The hackathon session lasted an hour — although competitors had several more hours that day to turn in their handwritten or typed solutions. Proposals had to include the recommended strategy being applied and actions to be used to advance that strategy. A judging panel comprising representatives from Staffing Industry Analysts and event sponsor People 2.0 evaluated the submissions based on vision, originality, detail, plausibility and perceived likelihood of success. The top team for each scenario was awarded.

“Our team just happened to gel really well at the outset,” says Aaron Grossman, CEO of Independence, Ohio-based staffing provider Talentlaunch, who was the winning team in the first business case. “What I really appreciated was that we really came together.”

One of the benefits of the hackathon was the exchange of ideas and hearing different approaches to tackling the problem and rationalizing how they might make sense, Grossman says.

“The best part of this exercise for me was actually listening to all of the different perspectives,” says Anastasia Valentine, executive VP and managing director at Resource 1, an Oak Brook, Ill. based IT staffing firm, who was on the same team.

The team was able to keep the conversation dynamic and utilize different business experiences from its members to solve the problem rather than going for a solution based on one person’s perspective.

“We all naturally gravitate to what we know,” Valentine says. However, “we can’t recreate what we know, we have to solve the problem at hand.”
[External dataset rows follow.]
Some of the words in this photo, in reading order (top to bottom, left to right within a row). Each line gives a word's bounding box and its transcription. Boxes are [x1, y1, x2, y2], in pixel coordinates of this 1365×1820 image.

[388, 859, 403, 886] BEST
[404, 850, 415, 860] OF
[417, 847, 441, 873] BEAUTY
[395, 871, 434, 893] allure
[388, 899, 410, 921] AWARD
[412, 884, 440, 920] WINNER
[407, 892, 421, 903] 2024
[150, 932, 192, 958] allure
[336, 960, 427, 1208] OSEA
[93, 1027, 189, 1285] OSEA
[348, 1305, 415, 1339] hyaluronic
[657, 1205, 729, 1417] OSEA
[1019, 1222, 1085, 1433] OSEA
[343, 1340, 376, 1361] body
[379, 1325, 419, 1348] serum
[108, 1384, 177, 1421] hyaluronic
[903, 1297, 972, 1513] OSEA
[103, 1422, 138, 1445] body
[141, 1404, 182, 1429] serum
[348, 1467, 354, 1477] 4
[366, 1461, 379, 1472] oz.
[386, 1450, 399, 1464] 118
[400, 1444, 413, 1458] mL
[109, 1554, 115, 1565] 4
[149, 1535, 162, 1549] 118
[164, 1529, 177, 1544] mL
Kip Wright, president and CEO of Houston-based staffing provider Genuent, whose team won the second business case, also says the different perspectives mattered. While some might be tempted to immediately embrace the new business, his team debated at the outset over whether a staffing firm should take the business or not. Is the staffing buyer in this case still a viable company?

“It sent a message to the team that don’t presume; you’re going to have to defend this a little bit internally,” Wright says.

Wright says he planned to do hackathons with his own staff on a company trip to Cabo San Lucas, Mexico.

“We’re going to do it a little differently,” he says. “We’re going to have our top recruiters be challenged with a sales business case and our sales team challenged with a recruiter business case.”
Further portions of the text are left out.